Task item →
Down to the last line, repeat the entries exactly and drop any image.
[Start of section]
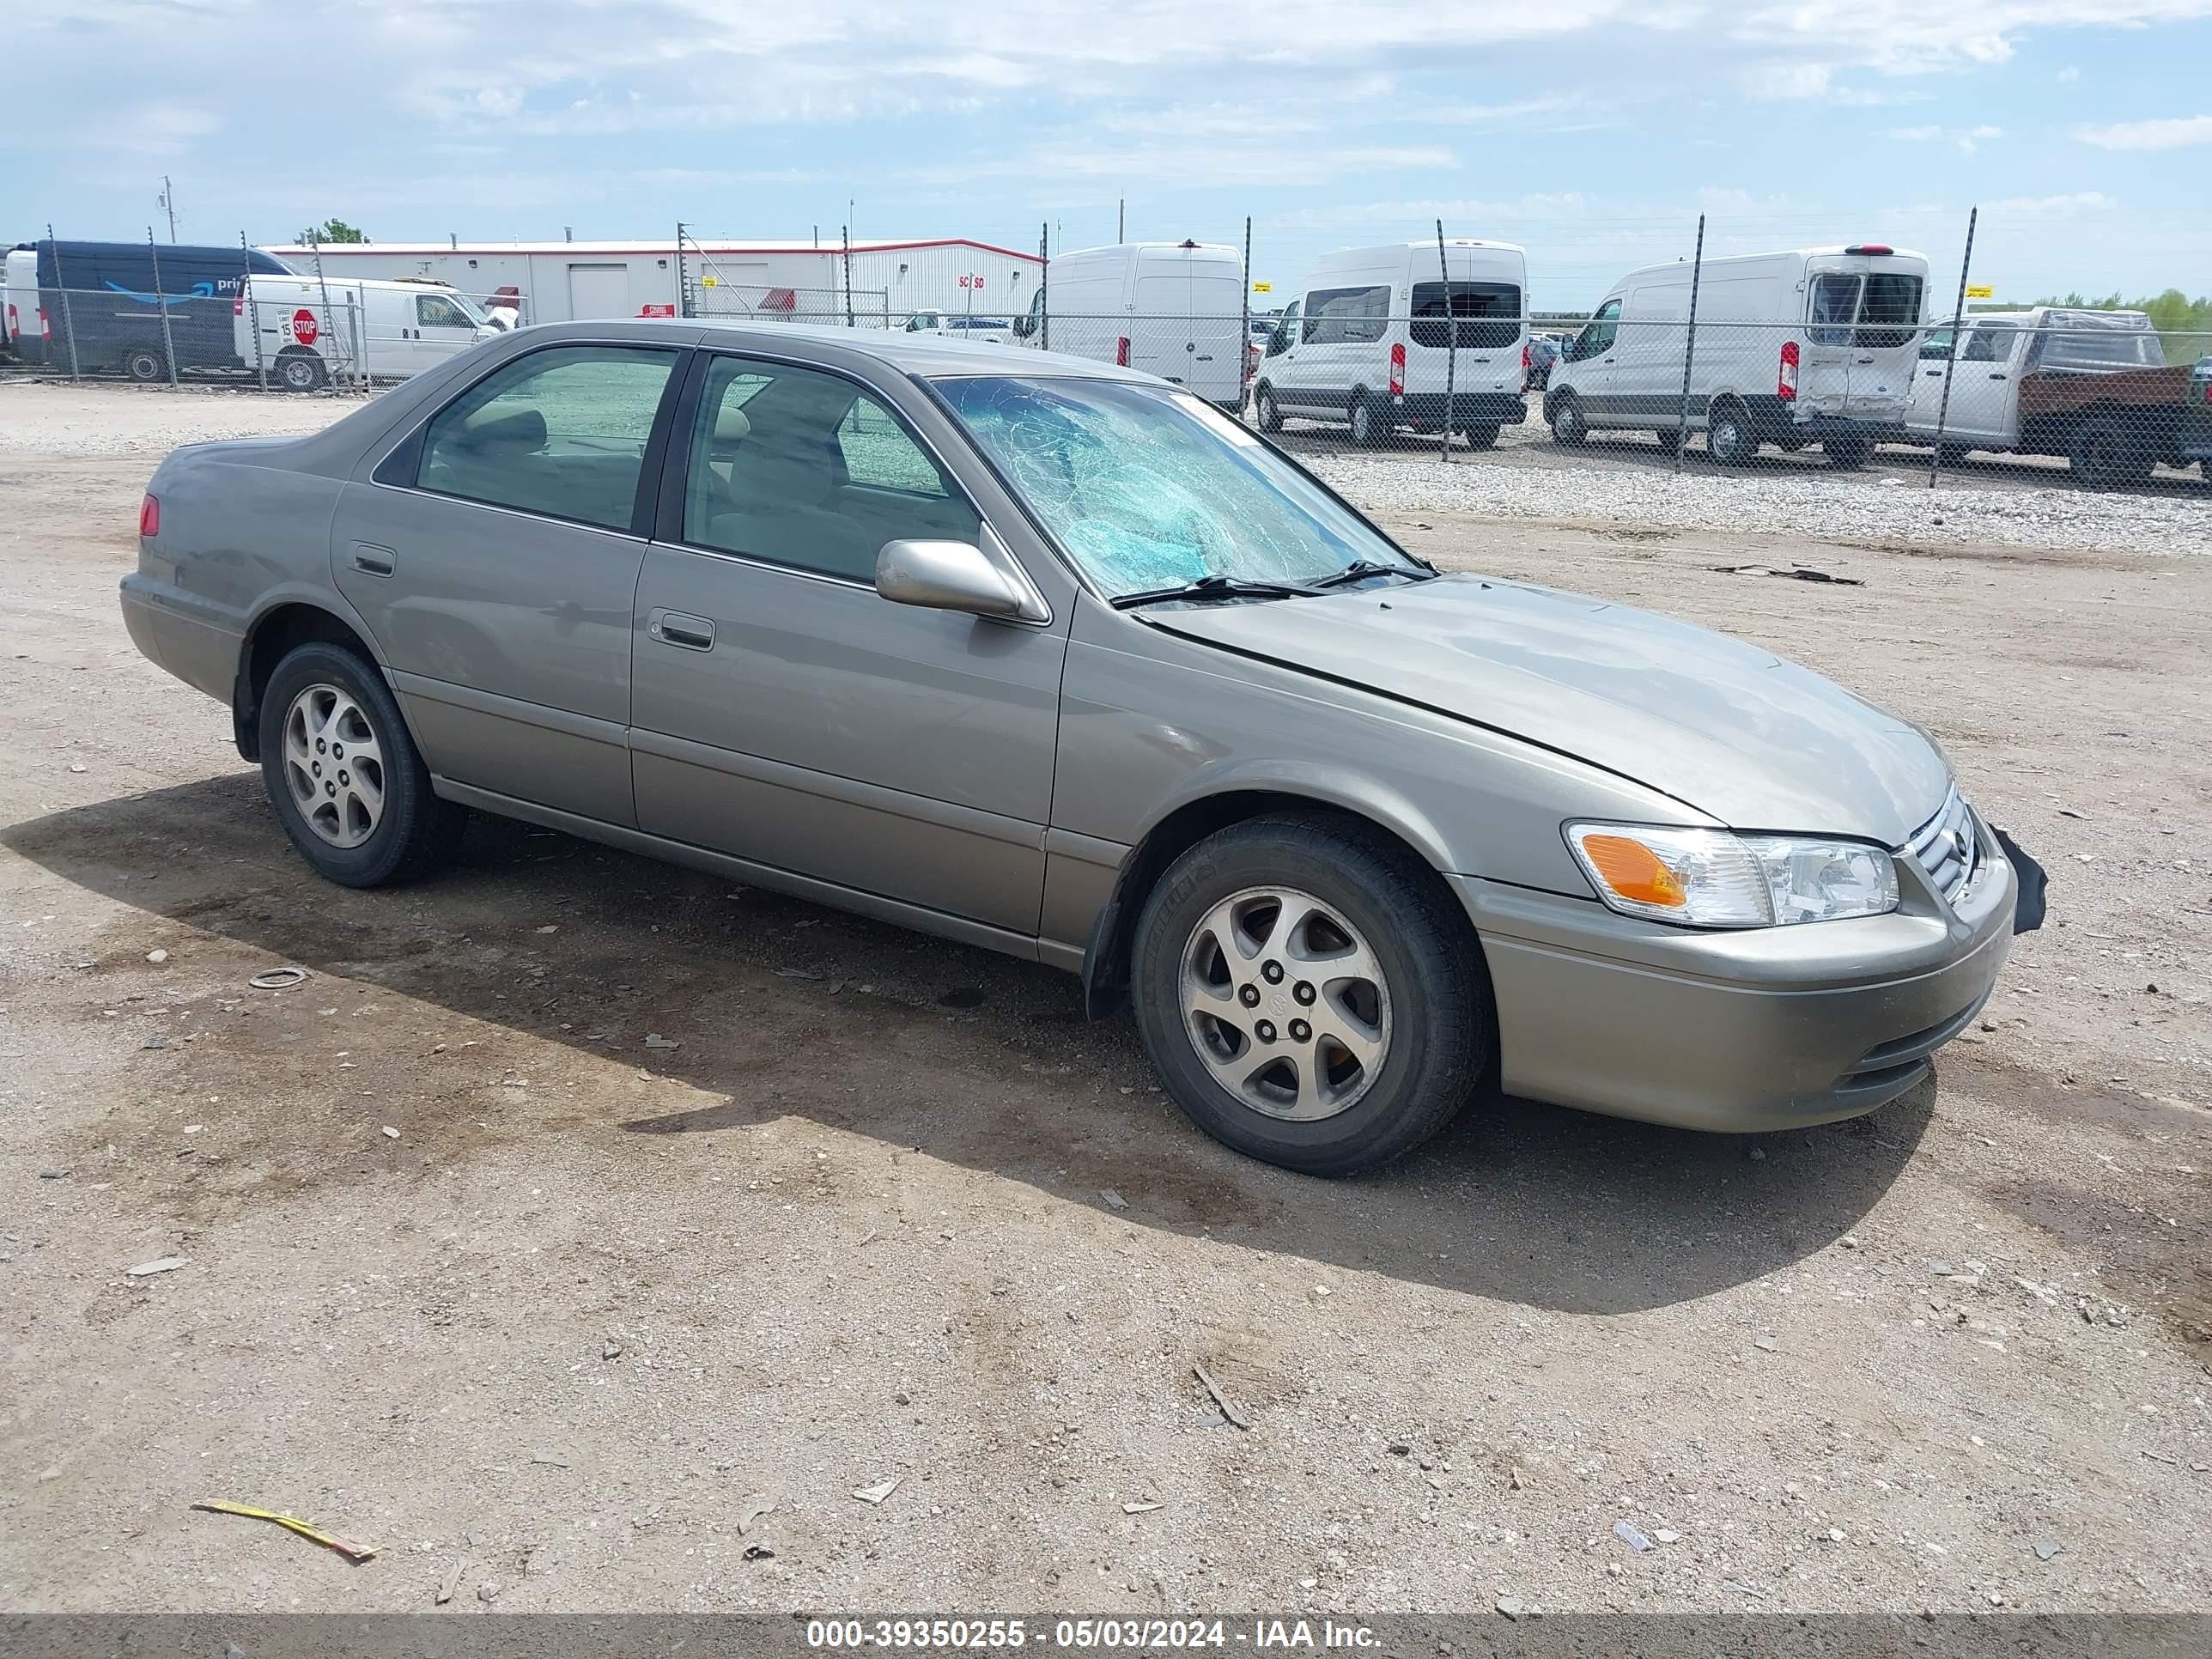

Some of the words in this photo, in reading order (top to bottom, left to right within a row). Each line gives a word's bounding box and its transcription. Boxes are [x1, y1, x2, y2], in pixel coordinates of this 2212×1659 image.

[217, 277, 240, 291] pri
[959, 276, 969, 288] SC
[974, 276, 983, 288] SD
[282, 324, 291, 336] 15
[295, 320, 315, 334] STOP
[End of section]
Result of the exercise →
Some of the words in this photo, in reading order (top to bottom, left to right within a row). Each line gives a word's bounding box and its transcription. Boxes are [x1, y1, x2, y2], in pixel coordinates of this 2212×1659 image.

[217, 277, 240, 291] pri
[959, 276, 969, 288] SC
[974, 276, 983, 288] SD
[282, 324, 291, 336] 15
[295, 320, 315, 334] STOP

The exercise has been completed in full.